Cap d'Adge è la più famosa per questo. Una città di 30.000 nudisti con una parte tra le dune dove le coppie vanno a esibirsi o scambiare e i singoli a cercare coppie o masturbarsi, più o meno come un privè (difatti ci sono tanti locali di questo tipo nelle vicinanze). Non è automatico che uno che va a Cap d'Adge lo faccia per quello, ma sicuramente tanti sì. Poi ci sono alcune spiagge nostrane o francesi, le dune di Maspalomas etc dove le ragioni che portano a spogliarsi sono spesso sessuali. 
Naturisti duri e puri e i nuovi nudisti sessuali non si piacciono per niente, anzi. Le battaglie per mandare via chi usa le spiagge a fini sessuali sono in alcune località all'ordine del giorno, anche perché se praticare naturismo nelle spiagge dove è usuale praticarlo da anni è accettato (fino ad ora) anche da molte sentenze dalla Cassazione, fare sesso in pubblico è (era) reato.
Ora la legge ha equiparato in pratica le cose producendo una deprecabile confusione: la multa è uguale sia che tu faccia pipì contro un muro, o sesso nel tuo letto con le finestre aperte e la sfortuna di avere una vicina che ti vede e ti denuncia, sia che tu organizzi una gangbang su una spiaggia affollata di bambini, in pratica gli atti contro la pubblica decenza sono equiparati come multa agli atti osceni, il che è sinceramente una porcata.


----------



## oscuro (19 Gennaio 2016)

*danny*



danny ha detto:


> Spiagge nudiste ne ho viste a mille, fin da quando ero bambino all'Isola d'Elba, o in Croazia da ragazzino.
> In Spagna con una mia ex, siamo finiti su una spiaggia nudista. Lei già aveva preso il sole nuda in Sardegna, a me non era mai capitato, ma c'erano amici e la cosa non ha avuto seguito.
> Nei primi anni 90 si era in Grecia con la mia attuale moglie e ho provato a fare il bagno senza costume su una spiaggia dove non c'era nessuno.
> E mi è piaciuto. Non so spiegarti la differenza col costume, ma la sensazione di stare senza niente addosso è molto piacevole. Salvo la preoccupazione che arrivasse qualcuno all'improvviso.
> ...



A casa mia con le finestre aperte la vicina mi denuncia?ho qualche dubbio...è la vicina che guarda dentro casa mia....


----------



## perplesso (19 Gennaio 2016)

oscuro ha detto:


> Insomma....io profumo e non sono villoso per nulla,proprio non mi piace prendere il sole a pecora o col cazzo de fora...nonostante danny....:rotfl::rotfl::rotfl:





oscuro ha detto:


> A casa mia con le finestre aperte la vicina mi denuncia?ho qualche dubbio...è la vicina che guarda dentro casa mia....
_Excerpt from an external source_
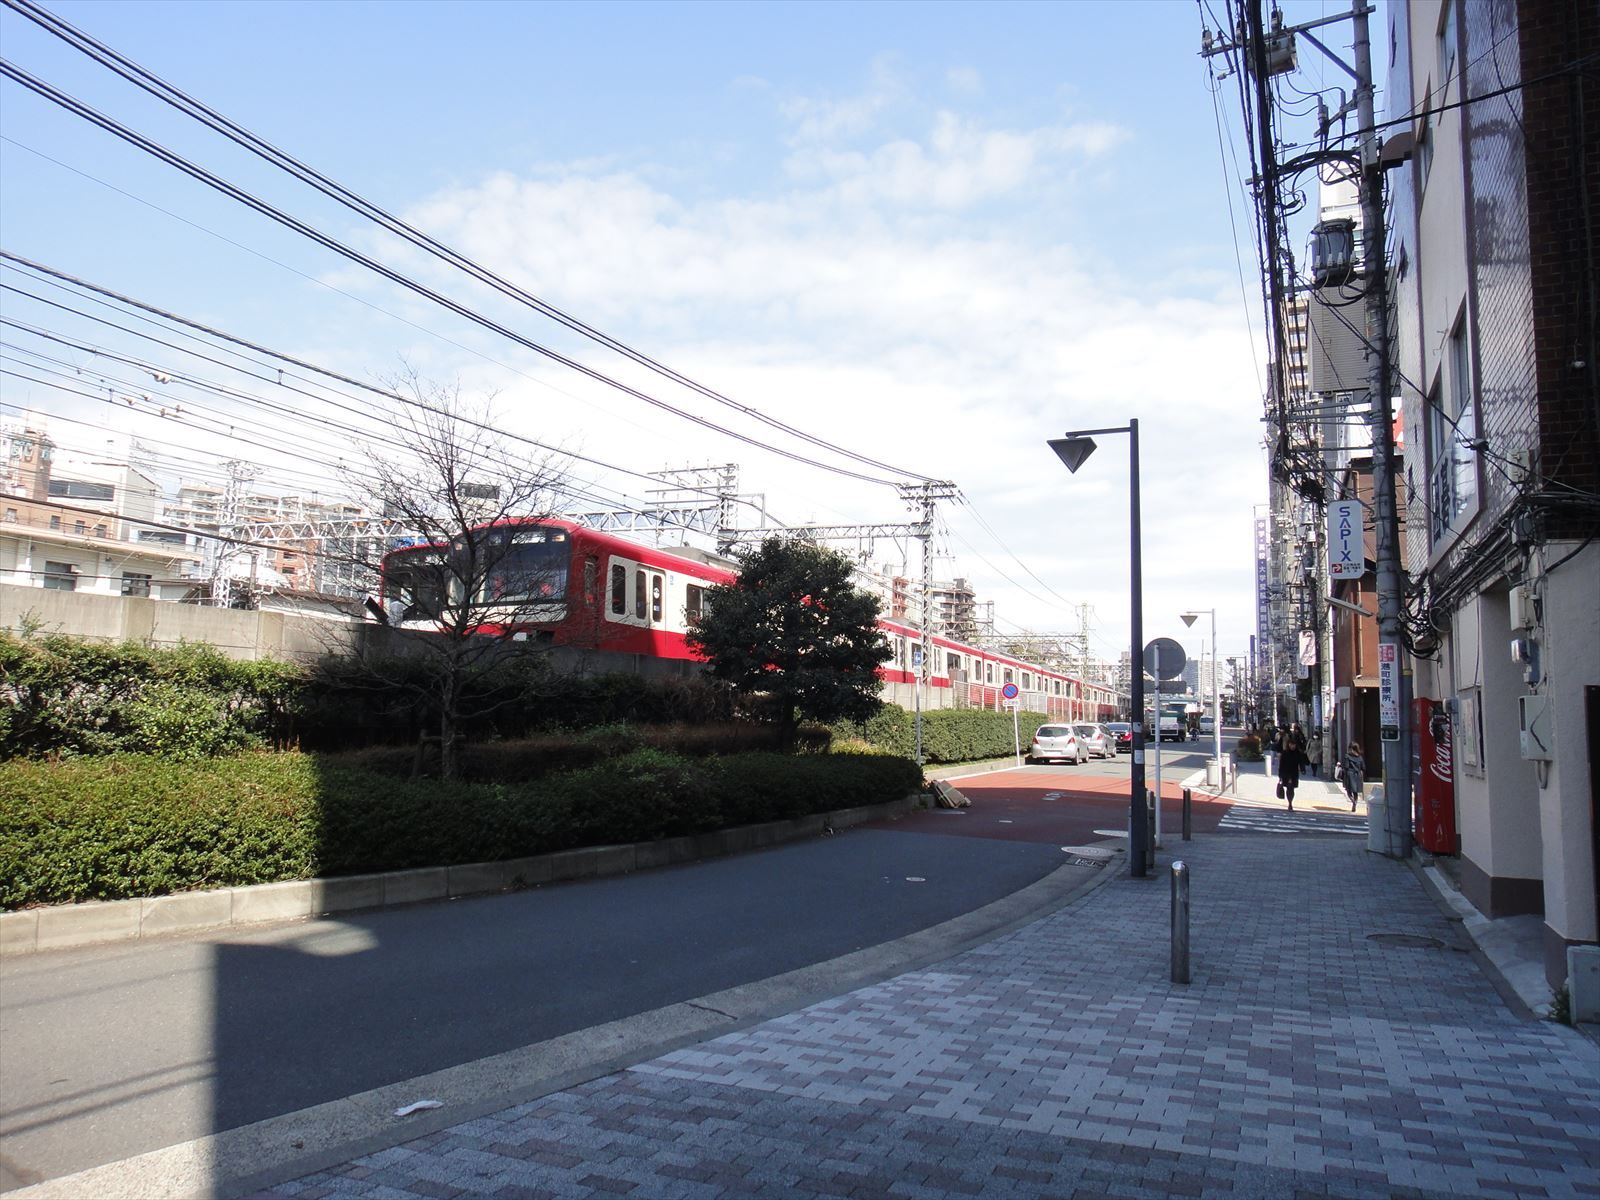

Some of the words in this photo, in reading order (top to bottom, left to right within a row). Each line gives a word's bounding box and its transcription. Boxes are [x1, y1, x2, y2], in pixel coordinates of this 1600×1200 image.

Danny è un filosofo del nudismo.   e come vedi ammette che c'è sta distinzione tra nudisti sessuali e nudisti filosofi.

mi piacerebbe capire da dove trae la cifra di 10 milioni di europei che praticano il nudismo filosofico.


ciò premesso: Danny, ascolta Oscuro.   se mi becchi a spiarti col binocolo mentre scopi a casa tua, nella tua camera, sei tu che denunci me, non il contrario.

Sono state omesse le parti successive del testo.